Group cognition is a social, largely linguistic phenomenon whereby a group of people produce a sequence of utterances that performs a cognitive act. That is, if a similar sequence was uttered or thought by an individual it would be considered an act of cognition or thinking. The group can be a small group, such as 3–5 people talking together or working together online. The group can also be a larger collective, such as a classroom of students or a global community contributing asynchronously to an extended discourse on a problem or topic or to a knowledge repository like Wikipedia. The theory of group cognition is a postcognitivism philosophy, which considers a larger unit of analysis than an individual mind as a producer of cognitive activities such as creative problem solving.

Concepts of Group Cognition 

Group cognition refers to an analytic viewpoint that looks beyond individual cognition to include the interaction of individuals with other people, with artifacts and with cultural resources as producing cognitive products through their interaction. Accordingly, cognition or thinking can be analyzed in a number of ways:

•	An individual thinks and speaks. The thought takes place in the individual’s mind (inside the head) and can be expressed in the (external) world through speech, gesture, writing, artifacts. This has been a traditional cognition view since Descartes.

•	A small group of people collaborates, usually through spoken or written communication, and produces utterances or other products that cannot be attributed to any one of the group members by themselves. The individuals may build on each other’s ideas (transaction). Also, there may be group processes or features of the group interaction, which themselves contribute to the small-group cognition.

•	One or more people may interact with various kinds of artifacts, such as software applications or software agents, resulting in extended cognition.

•	One or more people may interact within a social setting, such as a culture or a socio-technical system, resulting in social cognition or situated learning.

•	Larger groups of people, artifacts and cultural settings (activity systems) may interact, resulting in collective intelligence or distributed cognition.

Small-Group Cognition 

Small groups of people can engage in activities such as mathematical problem solving and can accomplish intellectual achievements. These accomplishments often proceed by means of interactions in which ideas emerge from the discourse between multiple perspectives and cannot be credited to any one person. An utterance by one person is elicited by and responds to the previous discussion and group context in ways that would otherwise not have arisen, and the utterance is structured so as to elicit specific kinds of responses from other participants.

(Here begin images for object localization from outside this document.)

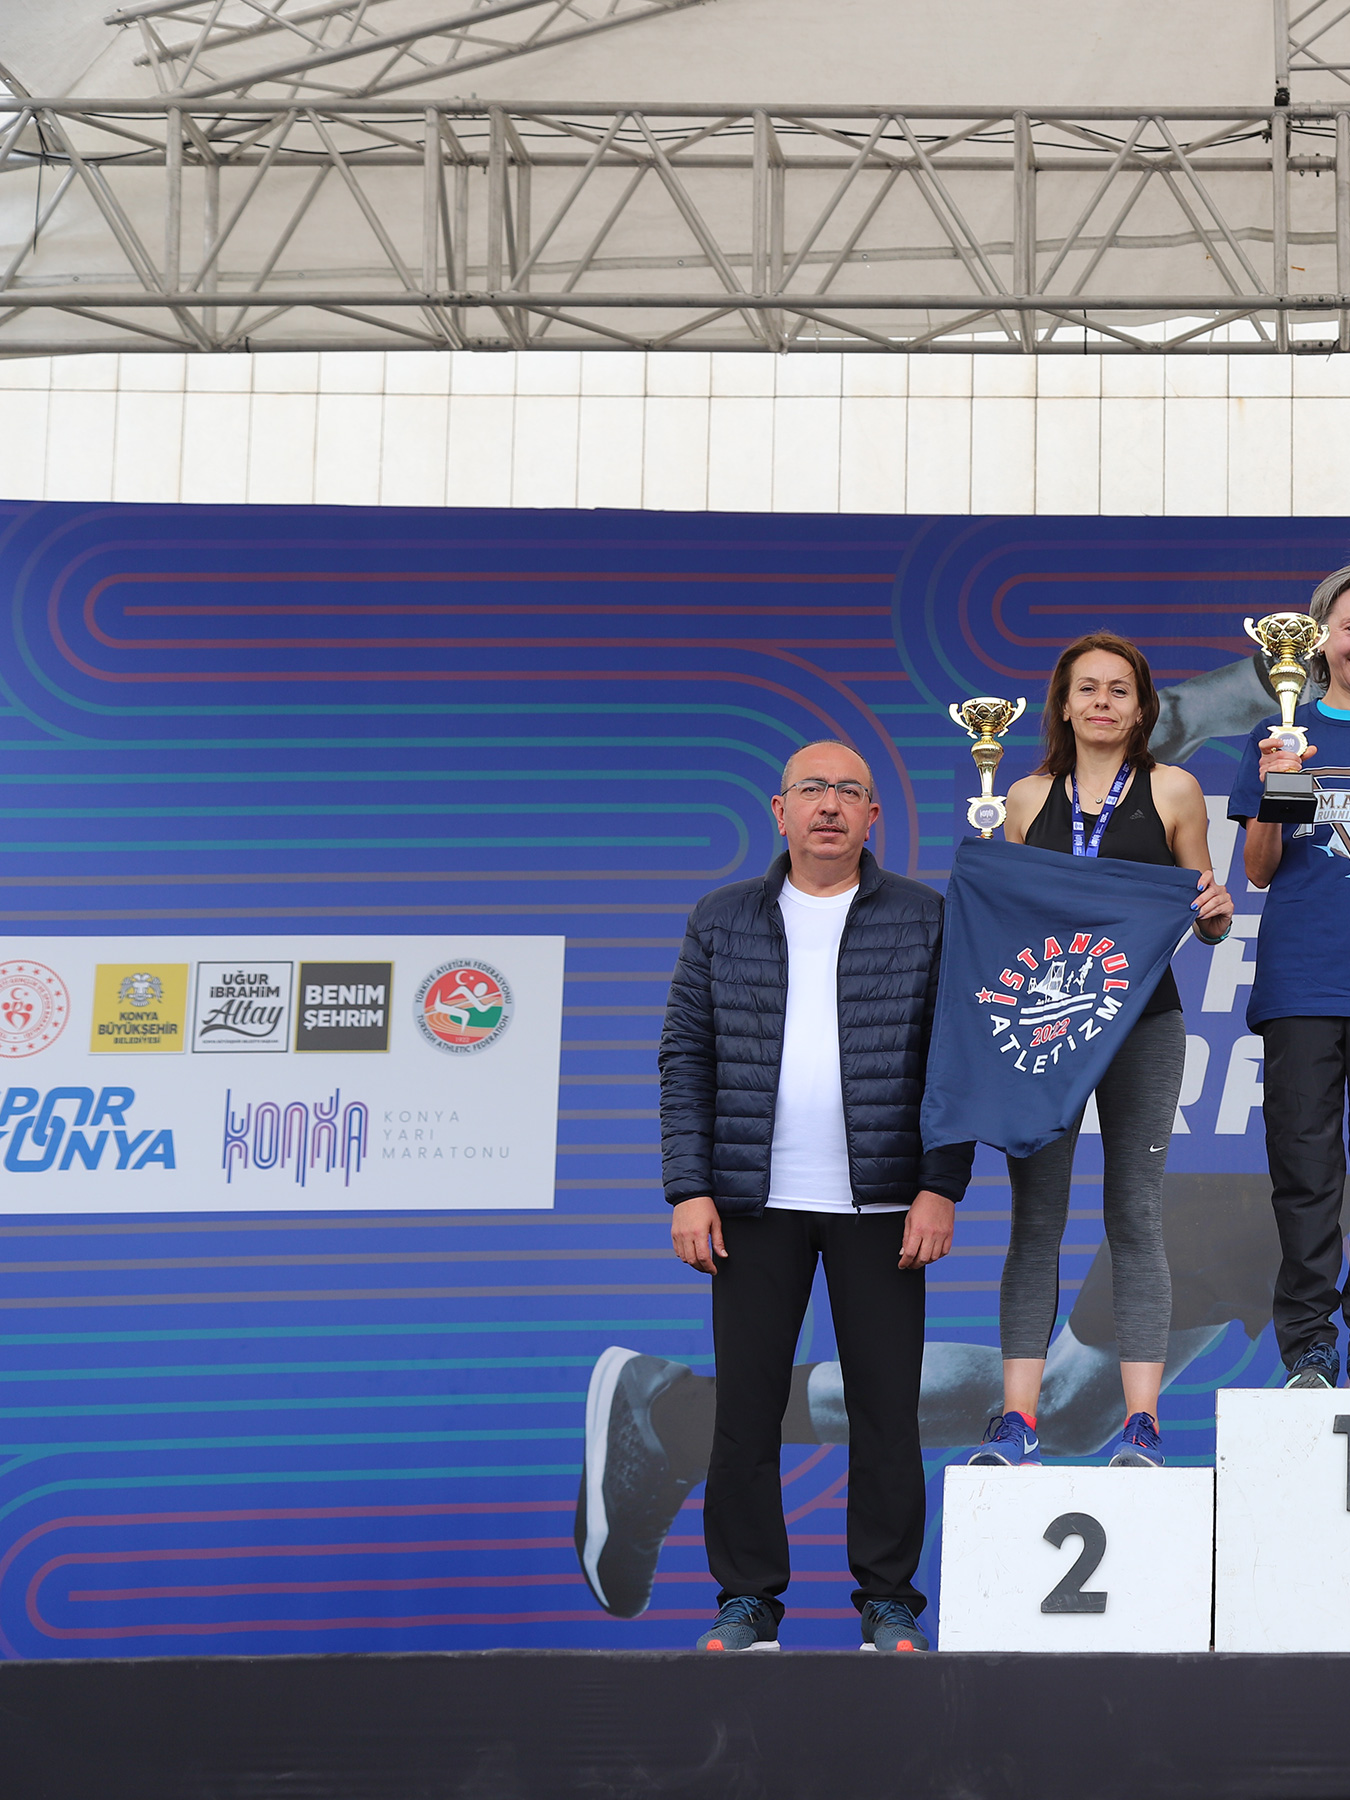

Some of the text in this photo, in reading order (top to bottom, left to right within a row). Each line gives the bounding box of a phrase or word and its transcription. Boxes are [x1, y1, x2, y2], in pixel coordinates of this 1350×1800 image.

[222, 970, 269, 985] UĞUR
[473, 961, 512, 1005] FEDERASYONU
[119, 1012, 158, 1021] KONYA
[200, 999, 284, 1037] Altay
[1029, 1017, 1071, 1047] 2022
[436, 1040, 471, 1054] ATHLETIC
[473, 1014, 509, 1052] FEDERATION
[0, 1086, 135, 1147] POR
[383, 1111, 460, 1124] KONYA
[0, 1115, 176, 1173] ONYA
[382, 1128, 434, 1141] YARI
[382, 1146, 510, 1159] MARATONU
[1041, 1511, 1109, 1614] 2

Through a sequence of complexly and subtly interwoven interactions, cognitive results are achieved. The meaning of what was said is determined at the group level of the interactions, and is not in general attributable primarily to the expression of pre-existing mental representations of the individual participants.

Of course, small-group cognition relies on the ability of the participating individuals to interpret and understand the group meaning. But even this individual understanding is fundamentally situated in, and emerges from, the interactions of the group, which are structured so as to coordinate these understandings. The philosophy of group cognition does not deny individual cognition, but calls for a re-thinking of the ontology, epistemology and methodology for exploring mind.

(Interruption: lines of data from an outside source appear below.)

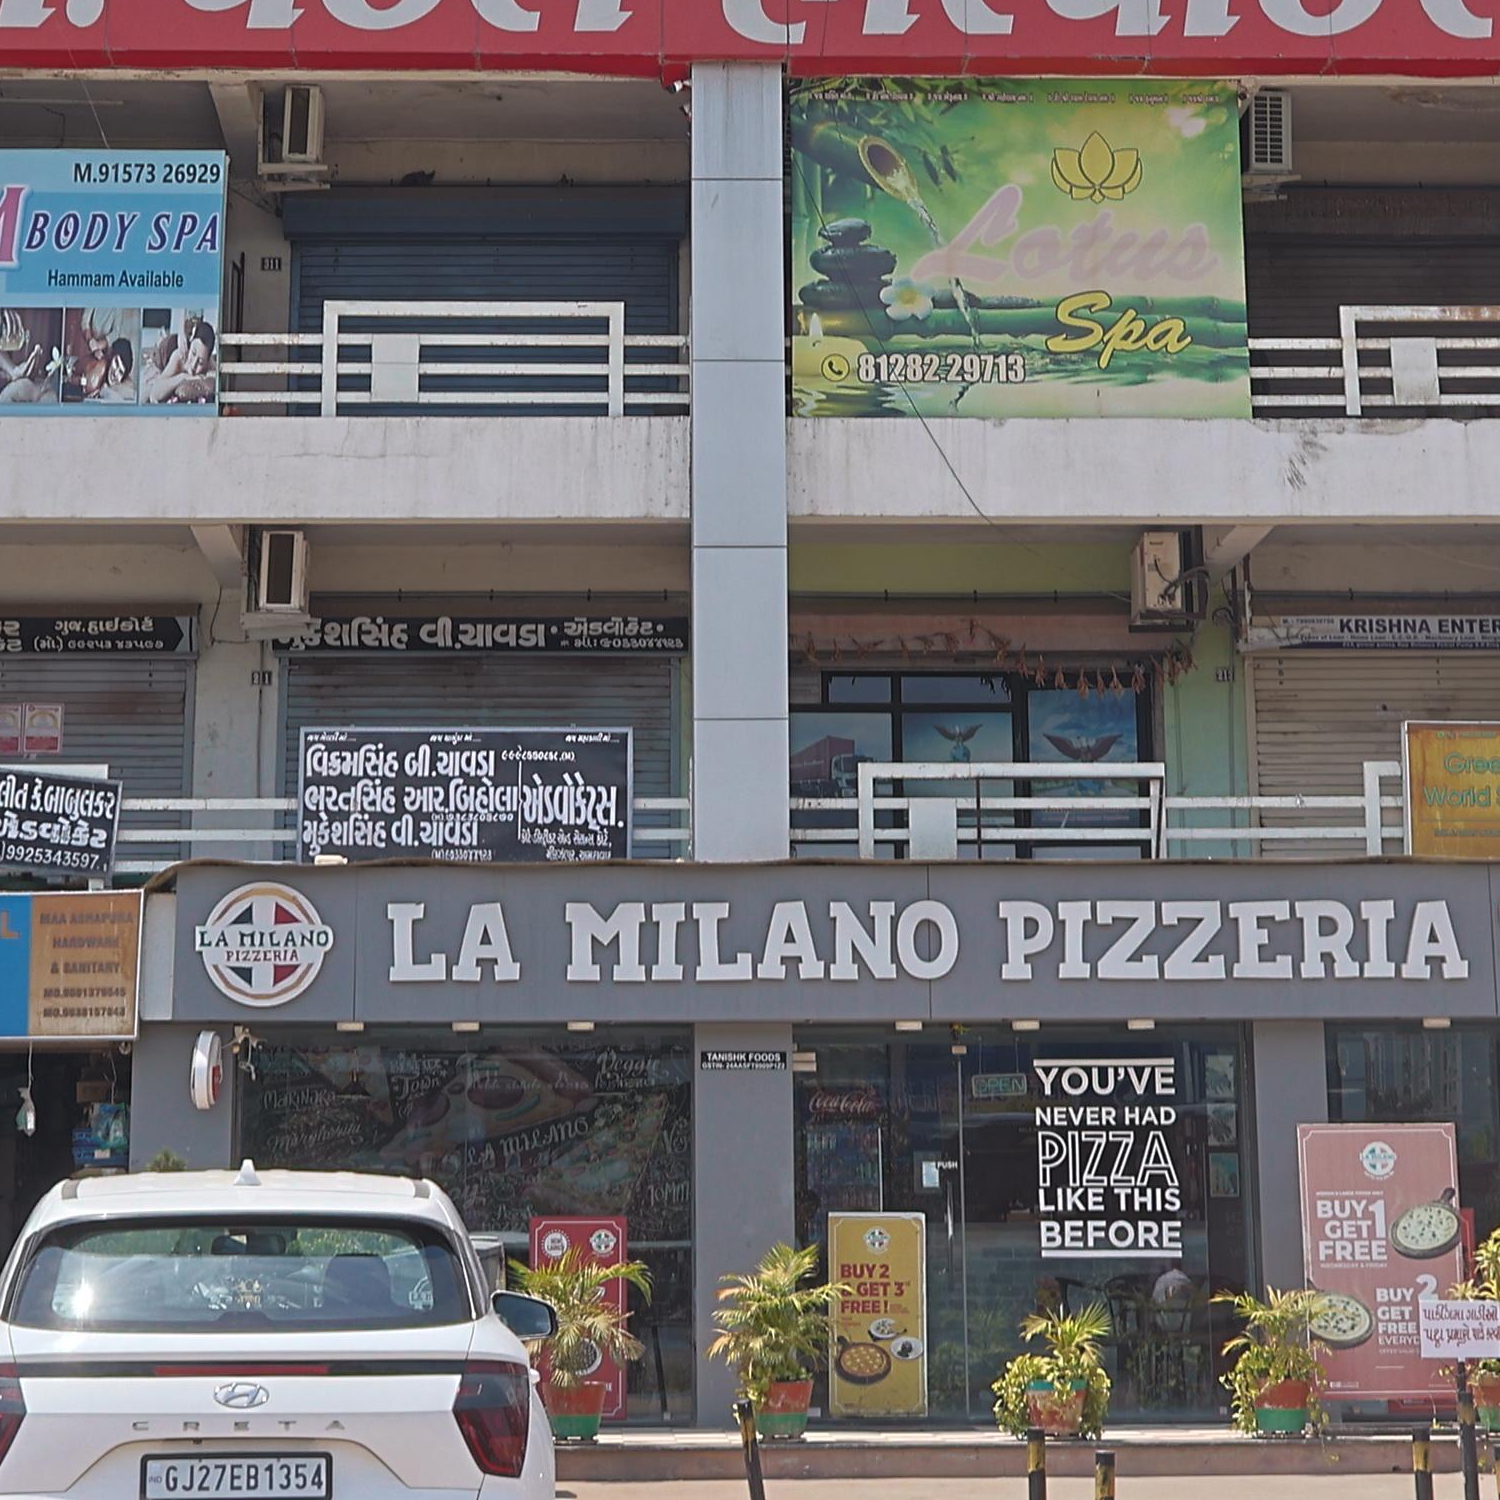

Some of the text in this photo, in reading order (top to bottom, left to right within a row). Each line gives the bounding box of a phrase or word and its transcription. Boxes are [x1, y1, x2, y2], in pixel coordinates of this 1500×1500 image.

[73, 162, 220, 184] M.91573 26929
[24, 211, 220, 253] BODY SPA
[910, 183, 1220, 283] Lotus
[47, 269, 184, 288] Hammam Available
[1044, 290, 1193, 369] Spa
[857, 353, 1026, 384] 81282 29713
[1339, 618, 1431, 634] KRISHNA
[1423, 785, 1491, 806] World
[198, 928, 331, 949] LA MILANO
[387, 900, 1469, 982] LA MILANO PIZZERIA
[225, 948, 300, 963] PIZZERIA
[707, 1052, 781, 1061] TANISHK FOODS
[976, 1077, 1025, 1093] OPEN
[1035, 1106, 1176, 1126] NEVER HAD
[937, 1160, 958, 1171] PUSH
[1038, 1131, 1179, 1187] PIZZA
[1039, 1188, 1181, 1212] LIKE THIS
[1316, 1199, 1387, 1239] BUY 1
[1040, 1220, 1182, 1248] BEFORE
[1324, 1220, 1372, 1239] GET
[1319, 1241, 1388, 1261] FREE
[841, 1264, 890, 1278] BUY 2
[857, 1282, 890, 1297] GET
[1376, 1274, 1438, 1302] BUY 2
[1377, 1305, 1413, 1320] GET
[1378, 1322, 1418, 1334] FREE
[132, 1419, 346, 1432] CRETA
[164, 1457, 325, 1493] GJ27EB1354

Social psychologists, sociologists and organizational theorist have occasionally referred to group cognition. However, these disciplines have generally rejected the notion for fear of conjuring up images of trans-personal "metaphysical" phenomena. Sociologists emphasized the negative possibilities of "group think" or "mass psychology", whereby members of a group are persuaded by peer pressure to forsake their own individual rationality. Psychology is focused on the individual as the unit of analysis. Twentieth century psychology reacts against popularized readings of earlier idealist philosophy and tends to reduce social phenomena to individual psychology or rational calculations of self-interest of individuals.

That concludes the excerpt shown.